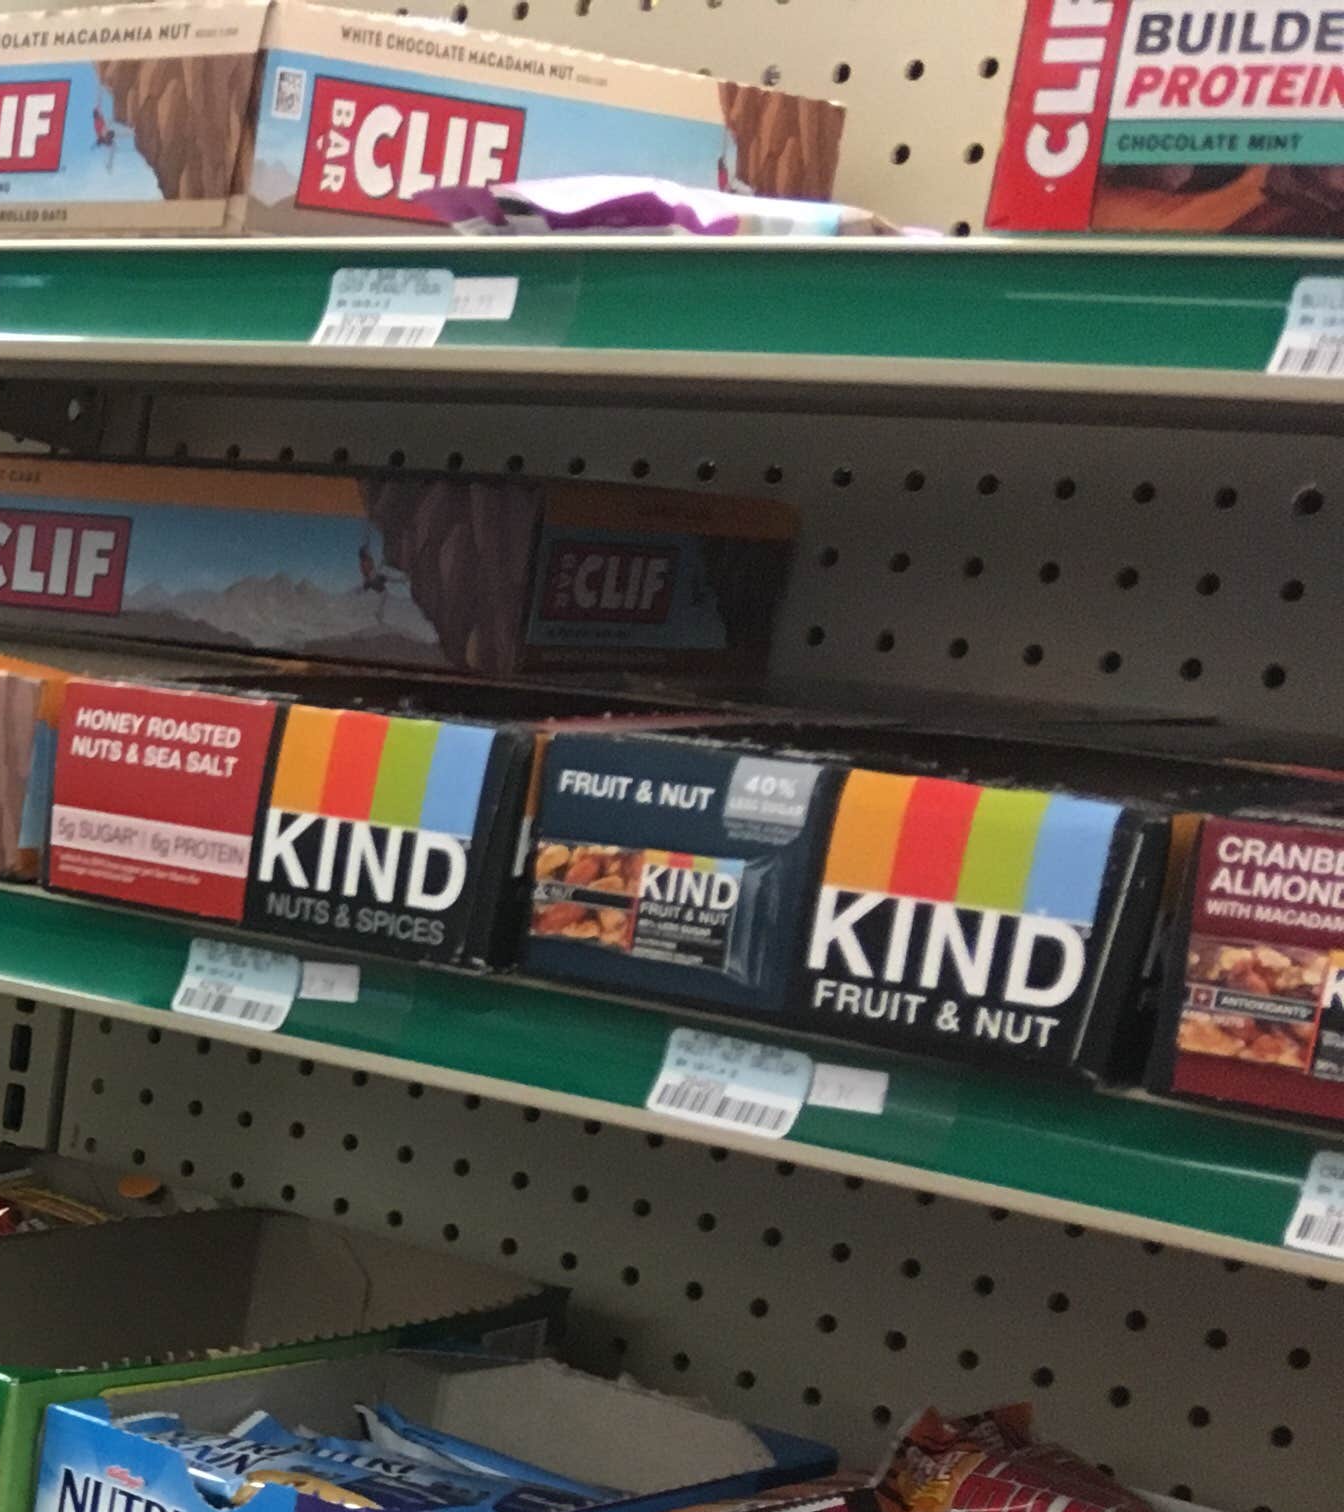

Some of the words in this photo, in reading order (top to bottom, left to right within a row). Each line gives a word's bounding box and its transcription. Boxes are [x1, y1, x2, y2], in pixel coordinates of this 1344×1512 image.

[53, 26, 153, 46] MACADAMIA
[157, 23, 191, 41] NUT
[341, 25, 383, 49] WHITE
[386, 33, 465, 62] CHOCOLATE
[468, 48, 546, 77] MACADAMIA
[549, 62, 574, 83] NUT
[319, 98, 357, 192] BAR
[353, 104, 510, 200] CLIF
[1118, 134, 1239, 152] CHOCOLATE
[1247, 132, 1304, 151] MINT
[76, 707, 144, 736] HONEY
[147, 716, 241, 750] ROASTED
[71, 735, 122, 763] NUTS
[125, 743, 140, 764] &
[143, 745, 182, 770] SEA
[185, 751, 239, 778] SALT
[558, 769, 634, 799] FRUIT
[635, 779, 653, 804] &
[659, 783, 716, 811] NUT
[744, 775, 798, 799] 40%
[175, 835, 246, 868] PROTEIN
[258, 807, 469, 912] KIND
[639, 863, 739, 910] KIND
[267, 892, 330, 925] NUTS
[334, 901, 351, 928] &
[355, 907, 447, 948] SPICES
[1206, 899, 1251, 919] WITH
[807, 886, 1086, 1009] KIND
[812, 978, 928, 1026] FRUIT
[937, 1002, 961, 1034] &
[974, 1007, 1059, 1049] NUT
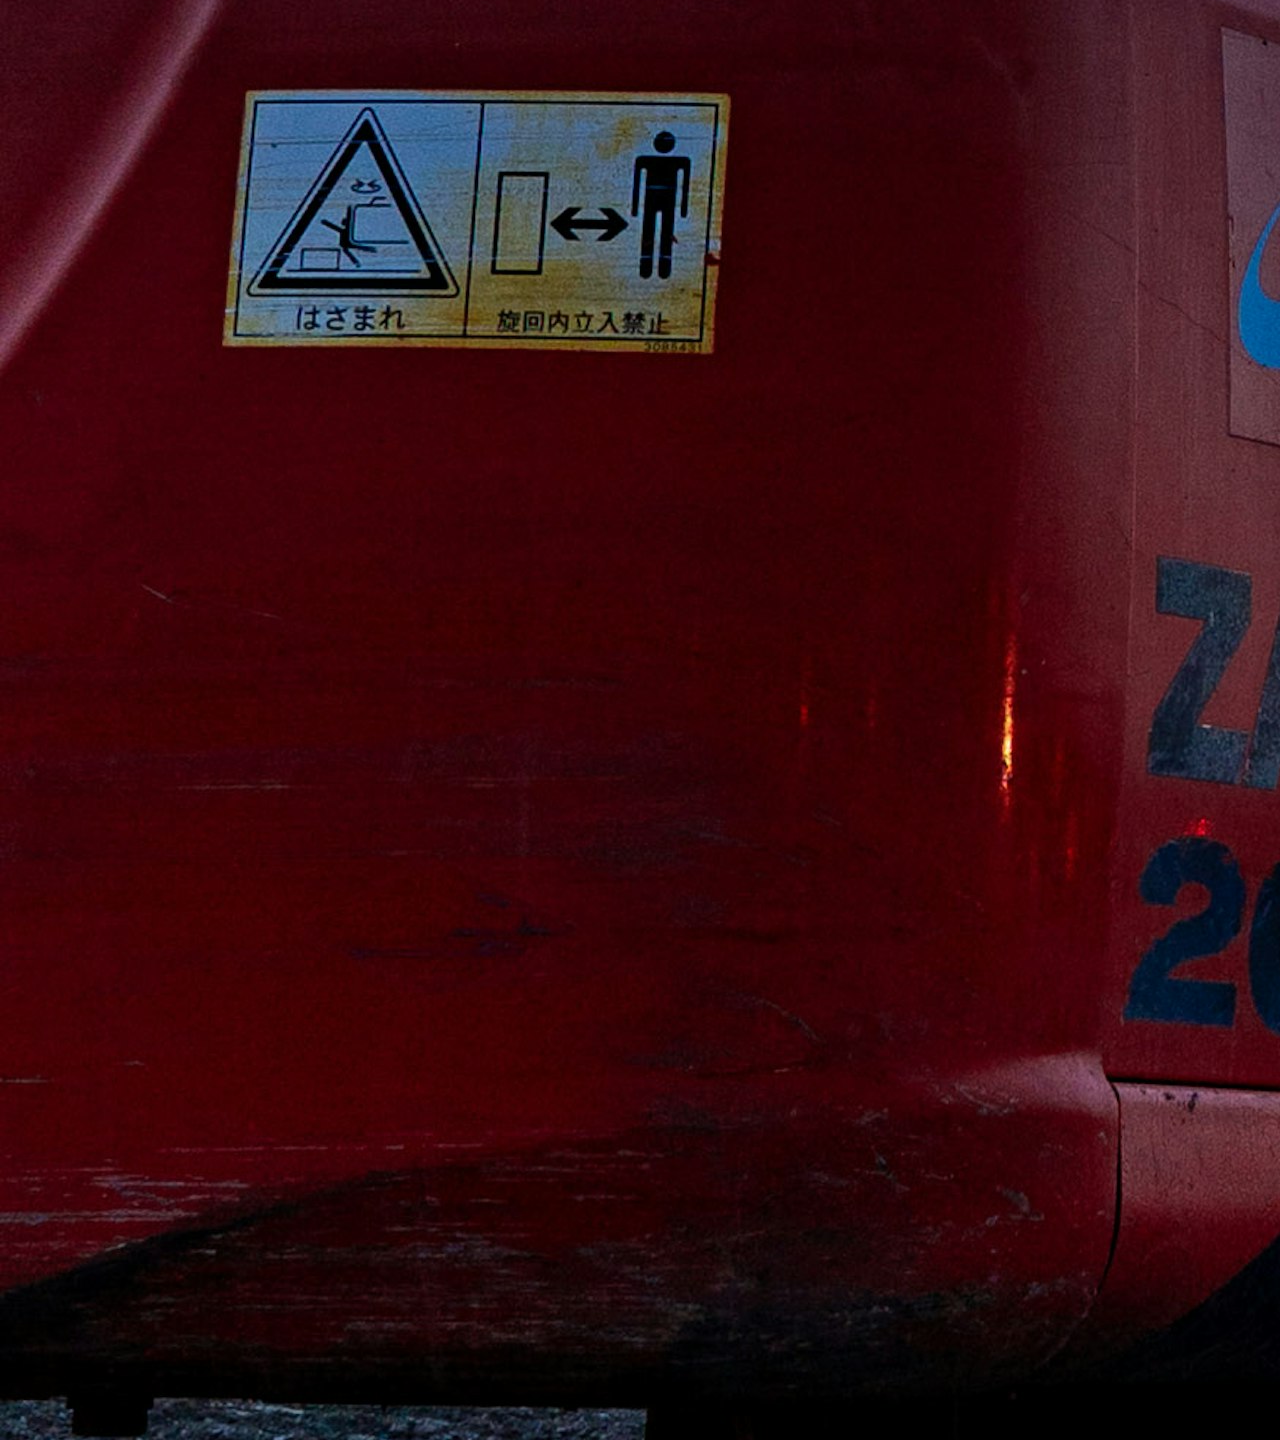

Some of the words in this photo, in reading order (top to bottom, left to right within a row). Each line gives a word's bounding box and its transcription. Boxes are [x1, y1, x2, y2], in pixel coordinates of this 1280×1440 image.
= = = =
# Instructions to follow:
Output the whole listing exactly. Pictures stay out.

# Final answer:
Some of the words in this photo, in reading order (top to bottom, left to right within a row). Each line gives a word's bounding box and its transcription. Boxes are [x1, y1, x2, y2], in pixel coordinates of this 1344×1512 image.

[53, 26, 153, 46] MACADAMIA
[157, 23, 191, 41] NUT
[341, 25, 383, 49] WHITE
[386, 33, 465, 62] CHOCOLATE
[468, 48, 546, 77] MACADAMIA
[549, 62, 574, 83] NUT
[319, 98, 357, 192] BAR
[353, 104, 510, 200] CLIF
[1118, 134, 1239, 152] CHOCOLATE
[1247, 132, 1304, 151] MINT
[76, 707, 144, 736] HONEY
[147, 716, 241, 750] ROASTED
[71, 735, 122, 763] NUTS
[125, 743, 140, 764] &
[143, 745, 182, 770] SEA
[185, 751, 239, 778] SALT
[558, 769, 634, 799] FRUIT
[635, 779, 653, 804] &
[659, 783, 716, 811] NUT
[744, 775, 798, 799] 40%
[175, 835, 246, 868] PROTEIN
[258, 807, 469, 912] KIND
[639, 863, 739, 910] KIND
[267, 892, 330, 925] NUTS
[334, 901, 351, 928] &
[355, 907, 447, 948] SPICES
[1206, 899, 1251, 919] WITH
[807, 886, 1086, 1009] KIND
[812, 978, 928, 1026] FRUIT
[937, 1002, 961, 1034] &
[974, 1007, 1059, 1049] NUT

Some of the words in this photo, in reading order (top to bottom, left to right within a row). Each line gives a word's bounding box and its transcription. Boxes are [x1, y1, x2, y2], in pixel coordinates of this 1280×1440 image.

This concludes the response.